■ Problem to solve
Apart from the pictures, which must be omitted, restate the data exactly.

Start of Given records

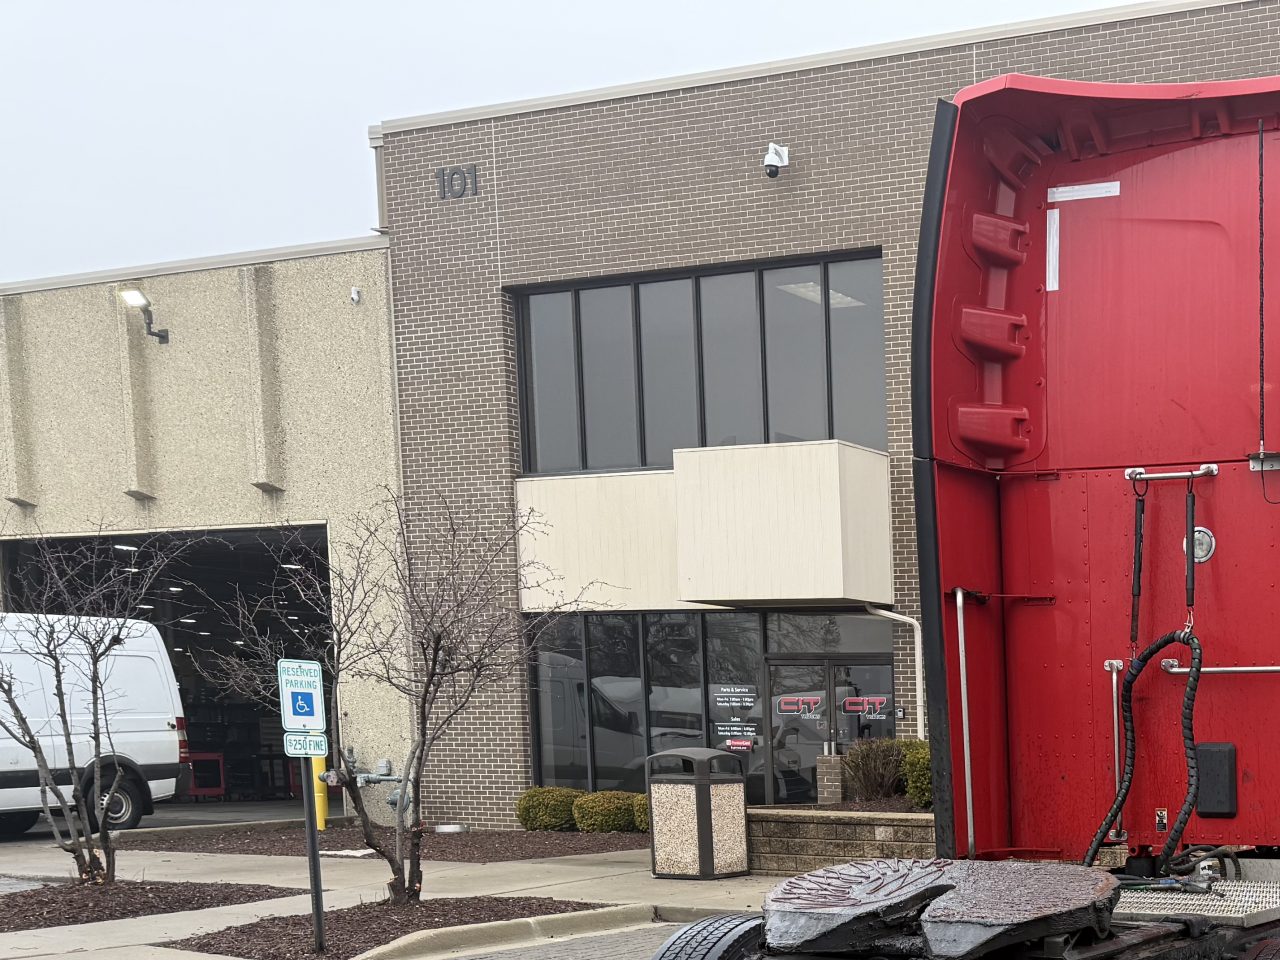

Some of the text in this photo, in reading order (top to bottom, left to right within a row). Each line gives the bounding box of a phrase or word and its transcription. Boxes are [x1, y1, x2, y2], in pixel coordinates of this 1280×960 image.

[435, 164, 477, 199] 101
[281, 666, 318, 678] RESERVED
[285, 679, 317, 690] PARKING
[777, 697, 820, 714] CIT
[842, 697, 886, 714] CIT
[288, 739, 325, 752] $250 FINE
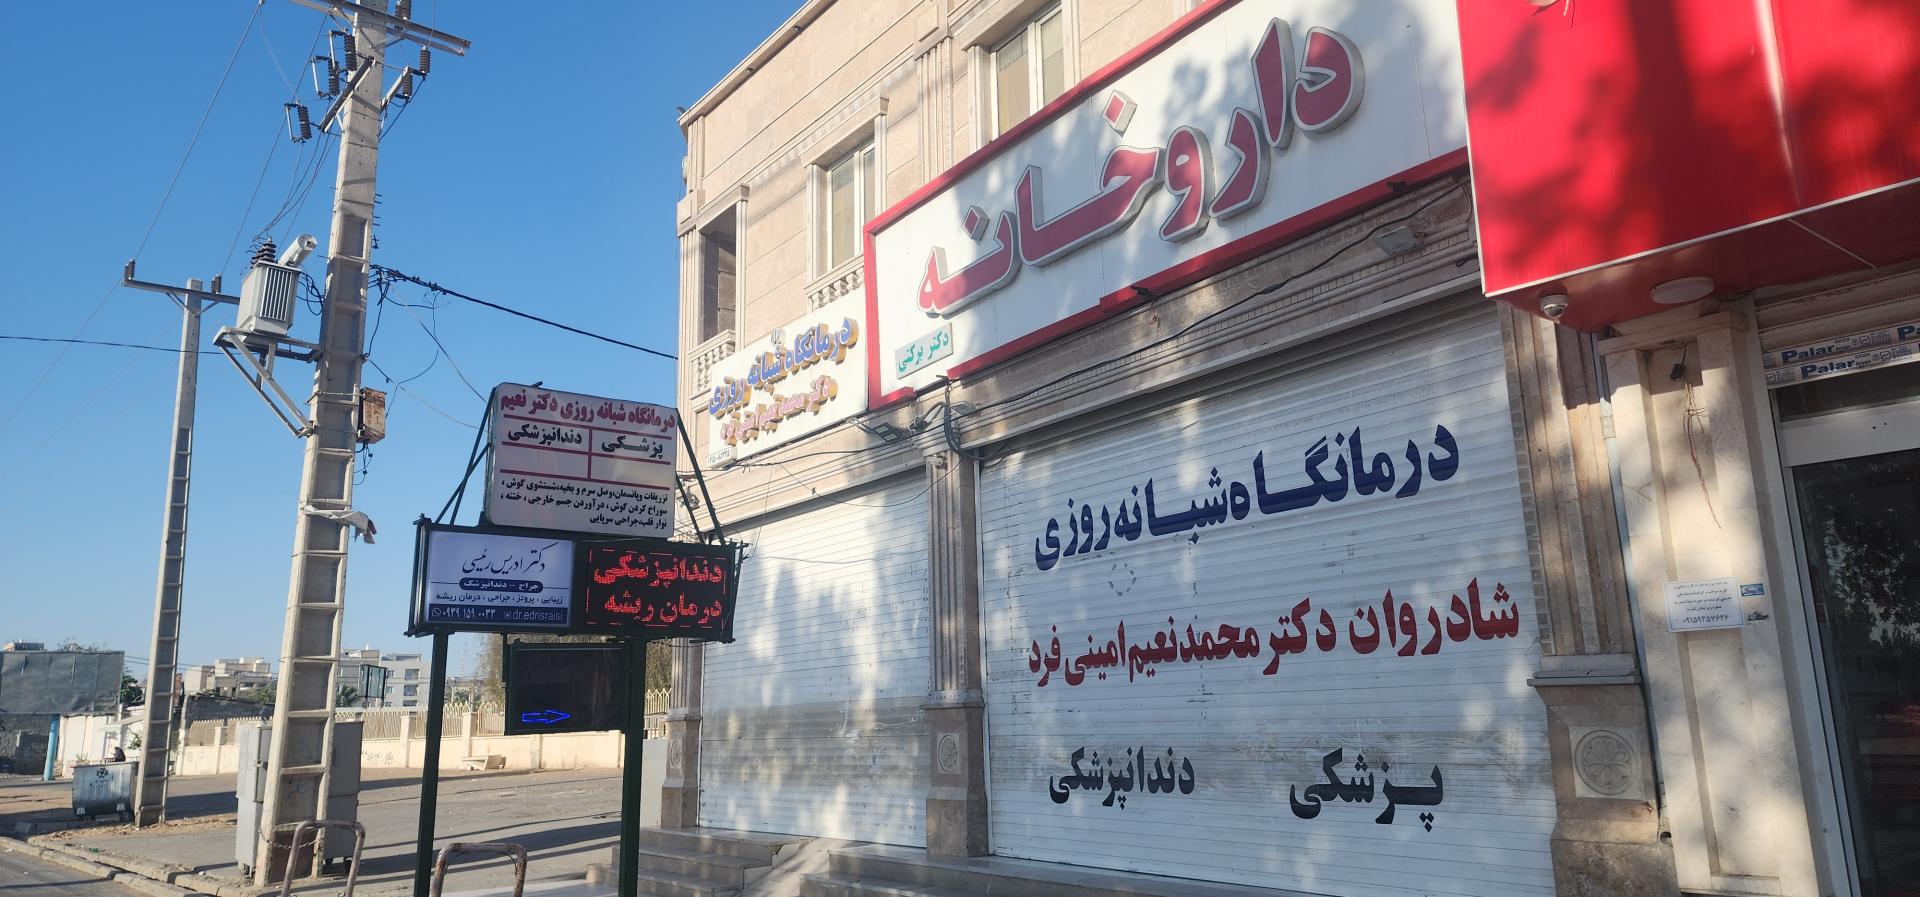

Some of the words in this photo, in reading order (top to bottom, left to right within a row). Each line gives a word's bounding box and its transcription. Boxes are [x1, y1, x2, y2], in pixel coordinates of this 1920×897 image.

[917, 17, 1364, 318] داروخانه
[784, 317, 856, 371] درمانگاه
[928, 331, 948, 360] دکتر
[1781, 344, 1835, 365] Palar
[748, 344, 785, 392] شبانه
[1800, 359, 1855, 380] Palar
[501, 389, 526, 410] نعیم
[529, 393, 557, 415] دکتر
[709, 376, 746, 416] روزی
[560, 400, 594, 423] روزی
[597, 402, 626, 426] شبانه
[628, 405, 675, 433] درمانگاه
[508, 424, 582, 446] دندانپزشکی
[602, 435, 663, 459] پزشکی
[1230, 424, 1459, 521] درمانگاه
[528, 494, 554, 505] خارجی
[629, 504, 646, 514] کردن
[644, 492, 668, 503] تزریقات
[1114, 467, 1228, 544] شبانه
[648, 505, 667, 516] سوراخ
[655, 519, 667, 529] نوار
[1035, 498, 1111, 571] روزی
[491, 554, 523, 575] ادریس
[523, 542, 559, 573] دکتر
[593, 554, 723, 588] دندانپزشکی
[436, 592, 456, 601] ریشه
[463, 580, 507, 589] دندانپزشک
[519, 583, 539, 591] جراح
[459, 593, 481, 602] درمان
[604, 590, 653, 622] ریشه
[660, 592, 722, 624] درمان
[1263, 597, 1338, 676] دکتر
[1049, 746, 1195, 810] دندانپزشکی
[1290, 748, 1444, 832] پزشکی

End of Given records

■ Response area
Some of the text in this photo, in reading order (top to bottom, left to right within a row). Each line gives the bounding box of a phrase or word and its transcription. Boxes are [x1, y1, x2, y2], in pixel coordinates of this 1280×960 image.

[435, 164, 477, 199] 101
[281, 666, 318, 678] RESERVED
[285, 679, 317, 690] PARKING
[777, 697, 820, 714] CIT
[842, 697, 886, 714] CIT
[288, 739, 325, 752] $250 FINE

Some of the words in this photo, in reading order (top to bottom, left to right within a row). Each line gives a word's bounding box and its transcription. Boxes are [x1, y1, x2, y2], in pixel coordinates of this 1920×897 image.

[917, 17, 1364, 318] داروخانه
[784, 317, 856, 371] درمانگاه
[928, 331, 948, 360] دکتر
[1781, 344, 1835, 365] Palar
[748, 344, 785, 392] شبانه
[1800, 359, 1855, 380] Palar
[501, 389, 526, 410] نعیم
[529, 393, 557, 415] دکتر
[709, 376, 746, 416] روزی
[560, 400, 594, 423] روزی
[597, 402, 626, 426] شبانه
[628, 405, 675, 433] درمانگاه
[508, 424, 582, 446] دندانپزشکی
[602, 435, 663, 459] پزشکی
[1230, 424, 1459, 521] درمانگاه
[528, 494, 554, 505] خارجی
[629, 504, 646, 514] کردن
[644, 492, 668, 503] تزریقات
[1114, 467, 1228, 544] شبانه
[648, 505, 667, 516] سوراخ
[655, 519, 667, 529] نوار
[1035, 498, 1111, 571] روزی
[491, 554, 523, 575] ادریس
[523, 542, 559, 573] دکتر
[593, 554, 723, 588] دندانپزشکی
[436, 592, 456, 601] ریشه
[463, 580, 507, 589] دندانپزشک
[519, 583, 539, 591] جراح
[459, 593, 481, 602] درمان
[604, 590, 653, 622] ریشه
[660, 592, 722, 624] درمان
[1263, 597, 1338, 676] دکتر
[1049, 746, 1195, 810] دندانپزشکی
[1290, 748, 1444, 832] پزشکی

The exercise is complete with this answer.